Task instructions
From the line containing "this 2000×923 image." to the last line of the records, please reproduce every line exactly and nothing more.

Extracted records
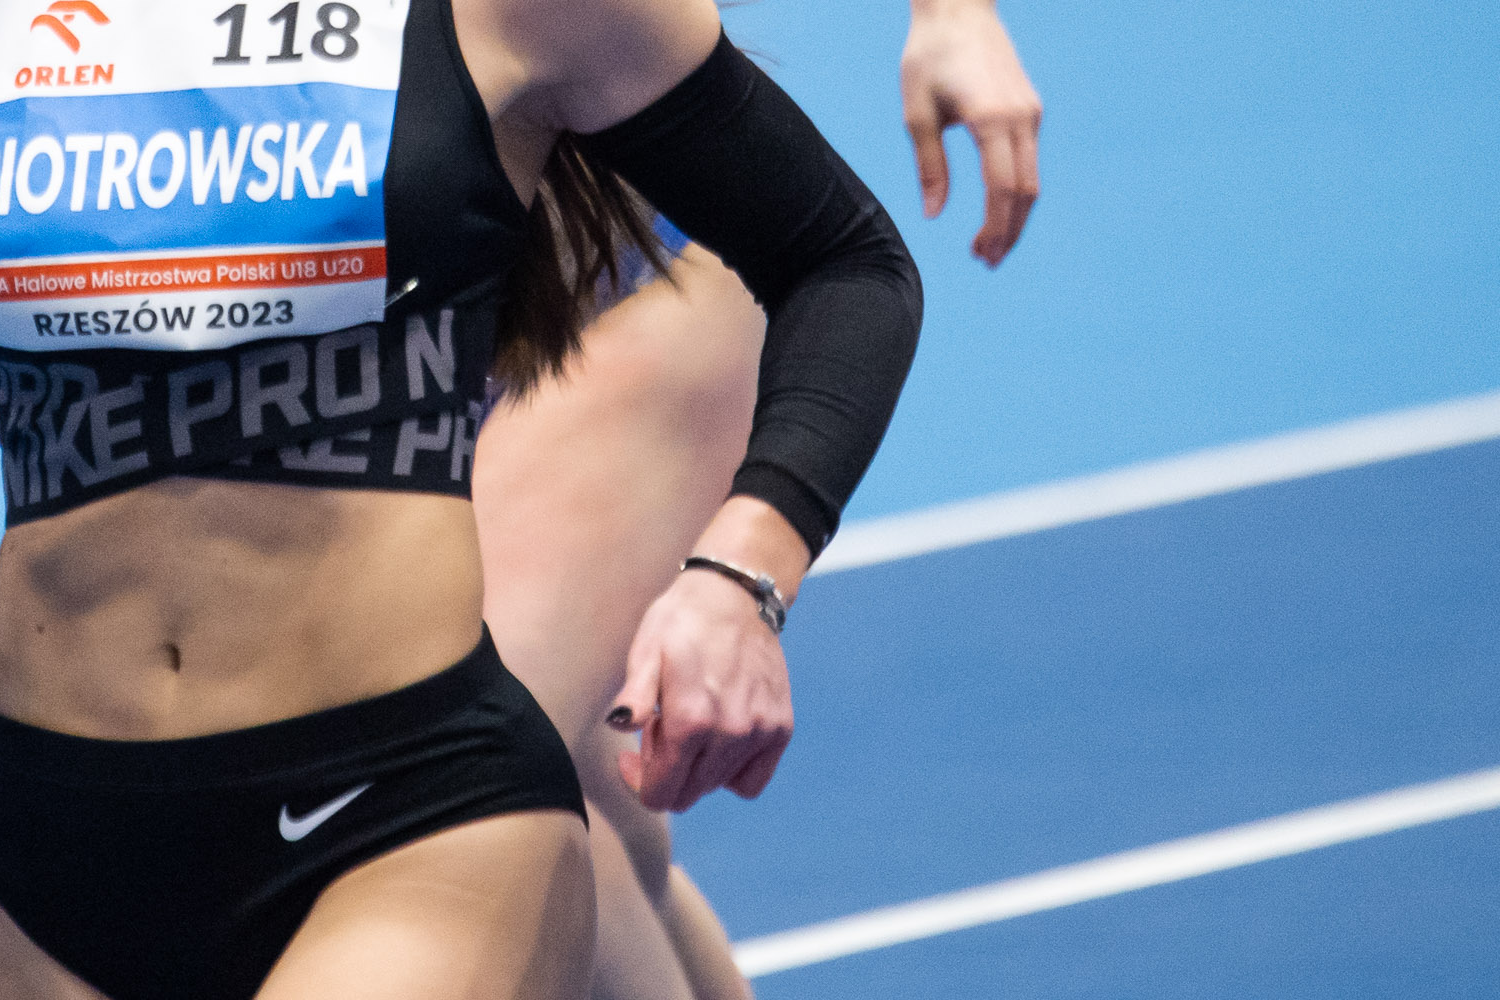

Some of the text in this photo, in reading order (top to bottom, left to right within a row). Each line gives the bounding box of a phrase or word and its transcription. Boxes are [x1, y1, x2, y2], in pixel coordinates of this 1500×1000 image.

[211, 1, 361, 66] 118
[14, 63, 115, 89] ORLEN
[14, 274, 86, 294] Halowe
[91, 266, 211, 289] Mistrzostwa
[216, 262, 276, 283] Polski
[280, 259, 317, 280] U18
[322, 256, 364, 278] U20
[33, 299, 294, 337] RZESZÓW 2023
[168, 325, 382, 458] PRO
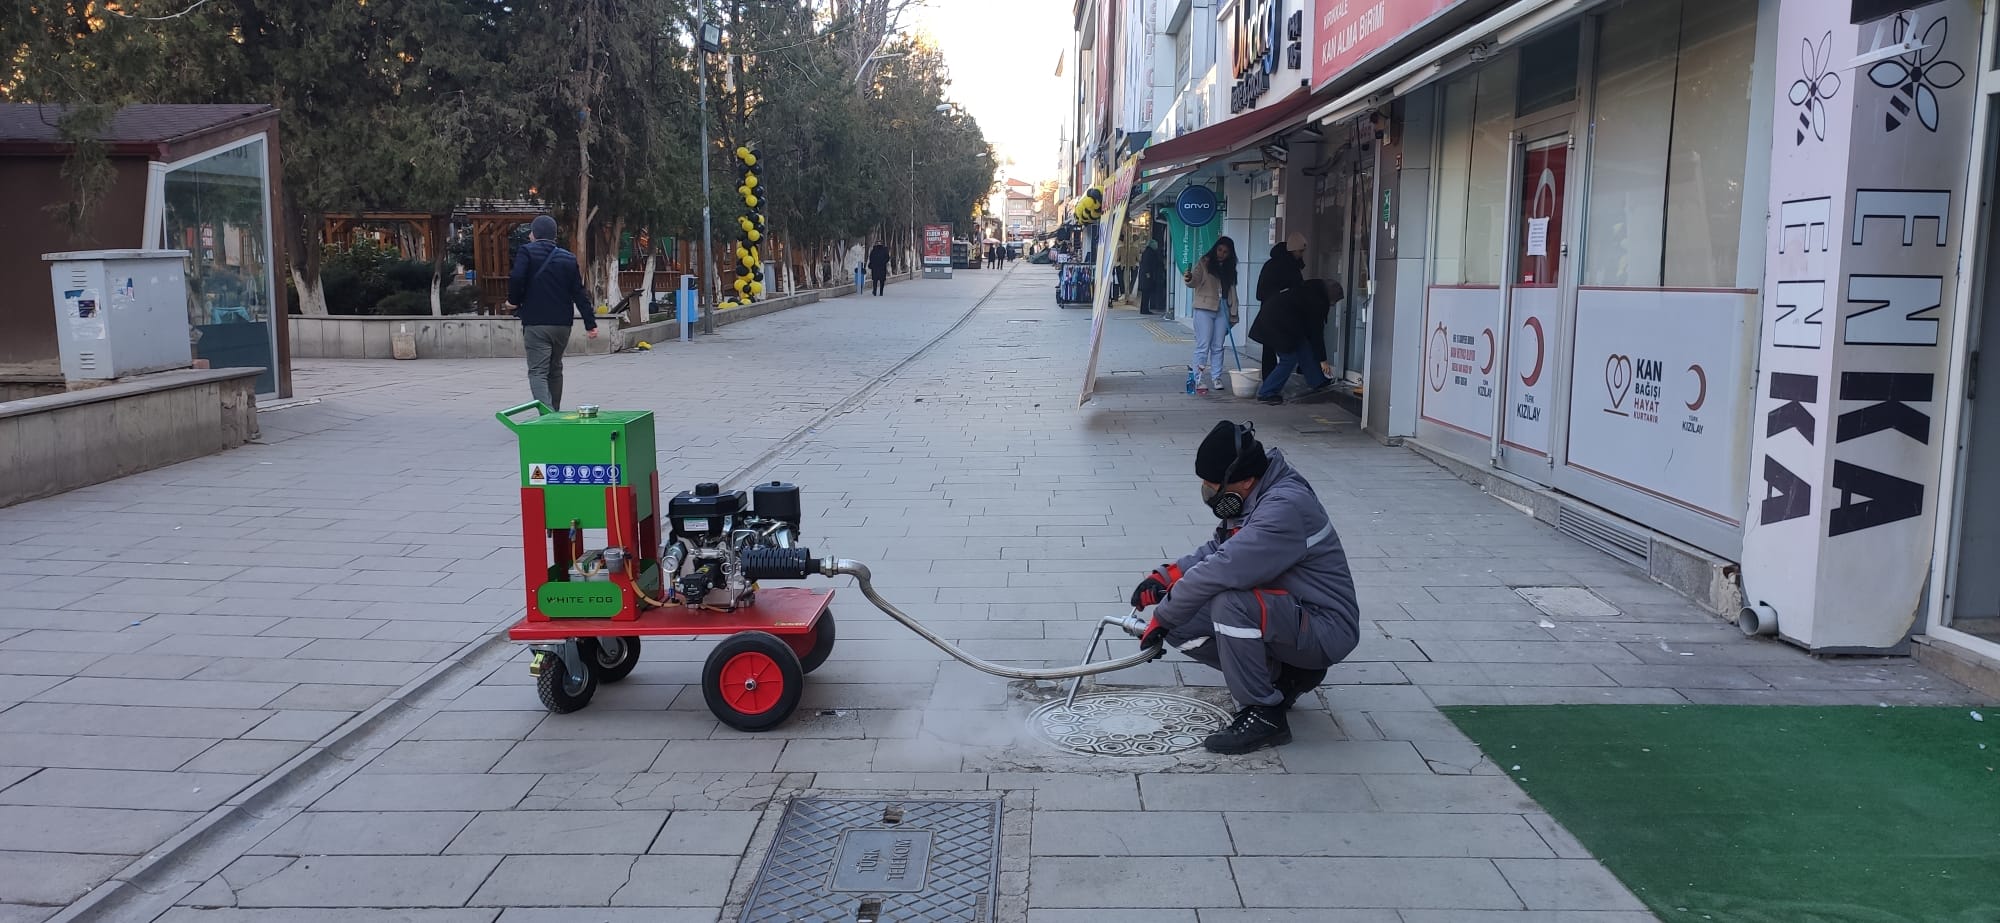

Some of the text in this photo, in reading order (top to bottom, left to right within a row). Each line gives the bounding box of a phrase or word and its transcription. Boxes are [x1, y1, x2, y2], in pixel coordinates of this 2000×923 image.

[1321, 37, 1337, 66] KAN
[1337, 21, 1358, 56] ALMA
[1636, 358, 1662, 382] KAN
[1761, 196, 1831, 526] ENKA
[1829, 188, 1951, 537] ENKA
[1635, 382, 1661, 399] BAĞIŞI
[1516, 403, 1541, 421] KIZILAY
[1634, 398, 1659, 413] HAYAT
[1633, 411, 1658, 424] KURTARIR
[1682, 422, 1703, 435] KIZILAY
[547, 596, 613, 604] WHITE FOG
[887, 839, 912, 881] TELEKOM

Result for this task
Some of the text in this photo, in reading order (top to bottom, left to right within a row). Each line gives the bounding box of a phrase or word and its transcription. Boxes are [x1, y1, x2, y2], in pixel coordinates of this 2000×923 image.

[1321, 37, 1337, 66] KAN
[1337, 21, 1358, 56] ALMA
[1636, 358, 1662, 382] KAN
[1761, 196, 1831, 526] ENKA
[1829, 188, 1951, 537] ENKA
[1635, 382, 1661, 399] BAĞIŞI
[1516, 403, 1541, 421] KIZILAY
[1634, 398, 1659, 413] HAYAT
[1633, 411, 1658, 424] KURTARIR
[1682, 422, 1703, 435] KIZILAY
[547, 596, 613, 604] WHITE FOG
[887, 839, 912, 881] TELEKOM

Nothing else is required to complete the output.